Moargan pushed off the wall. “What the fuck was that?”

Yure’s voice went flat. “I don’t know.”

Daven kept staring at the wall, pulse hammering now. “They’re not just hiding. They’re steering us somewhere.”

“If only we knew where.” Yure leaned back in his chair, eyes still locked on the screens. “Some of it’s real. Some of it isn’t.”

Daven frowned. “So what are we actually looking at?”

“Enough truth to keep us chasing the wrong thing.”

Aviel slid the pan off the stove and leaned on the counter. “So they flood the system with bullshit, then wait to see who bites.”

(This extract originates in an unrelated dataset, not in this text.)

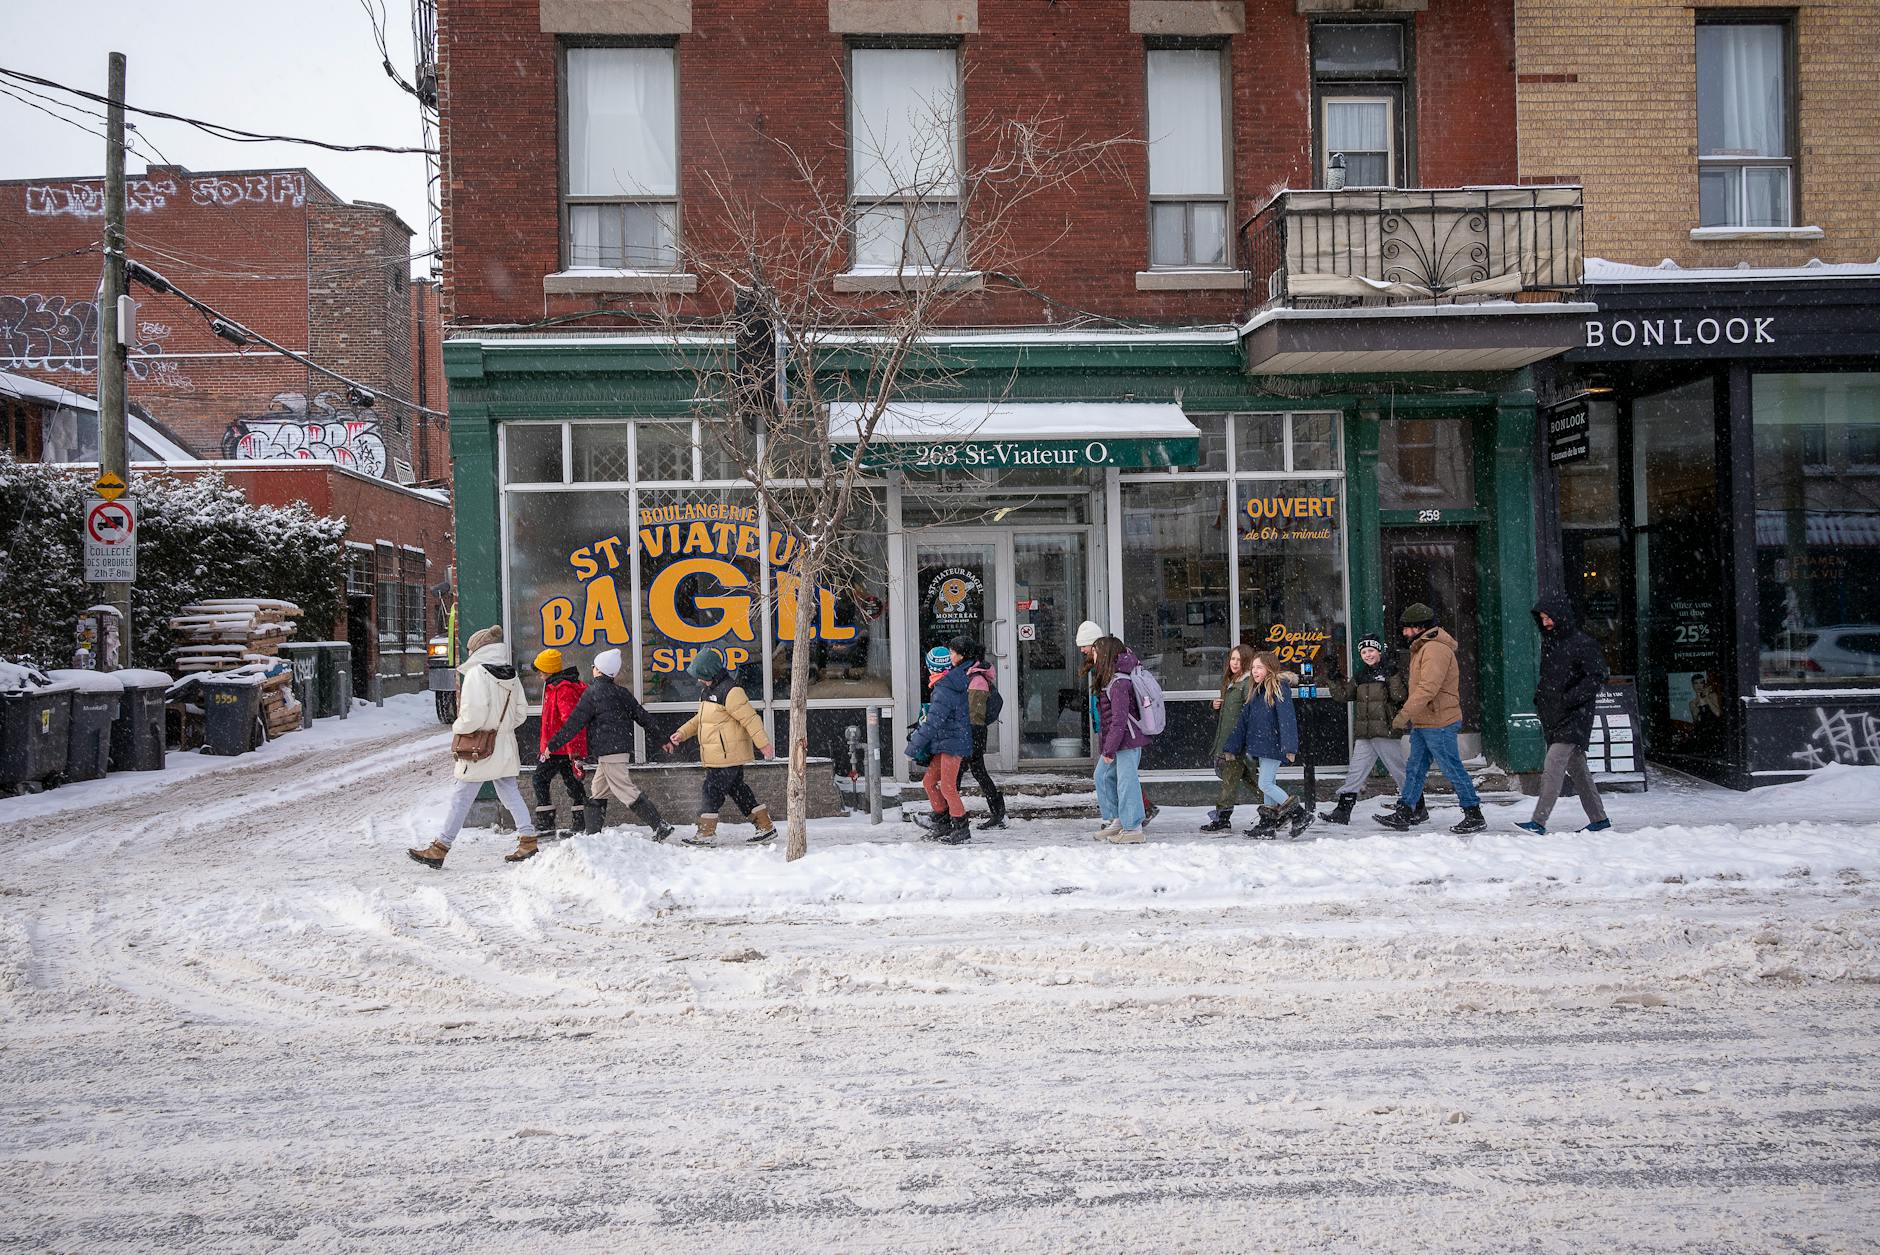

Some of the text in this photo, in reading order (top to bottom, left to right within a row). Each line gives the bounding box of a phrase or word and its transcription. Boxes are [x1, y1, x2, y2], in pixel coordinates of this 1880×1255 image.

Moargan looked down at the multi-slate in his hand, thumb moving once across the screen before his mouth hardened. “Father says the same thing he said thirty minutes ago. Officially, Concordant is still a delegation. They haven’t broken Helion law on paper.”

Daven’s eyes snapped to him. “So we let them sit in the tower?”

Moargan’s grip tightened on the slate. “Father wants them watched. Not touched. Concordant promised they’d draw Attica out if we let this play long enough.”

Helianth’s voice went quieter. “And if we breach that tower before they give us cause…” He didn’t finish right away. Then his gaze flicked back to the feed. “That’s a declaration of war.”

The room went still for a moment.

Aviel gave a low whistle. “So we let them play.”

Moargan exhaled hard through his nose, jaw tight. “And in exchange, we’re supposed to trust they’ll flush Attica out.”

No one looked convinced.

Yure switched the main feed back to the tower plaza.

Kylix was still there, still standing in front of the tower doors with his hands behind his back, his team spread through the plaza around him like statues.

Waiting.

Daven stared at the screen, something ugly tightening low in his chest. “They’re not coming out.”

“No,” Yure said. “And that’s the point.”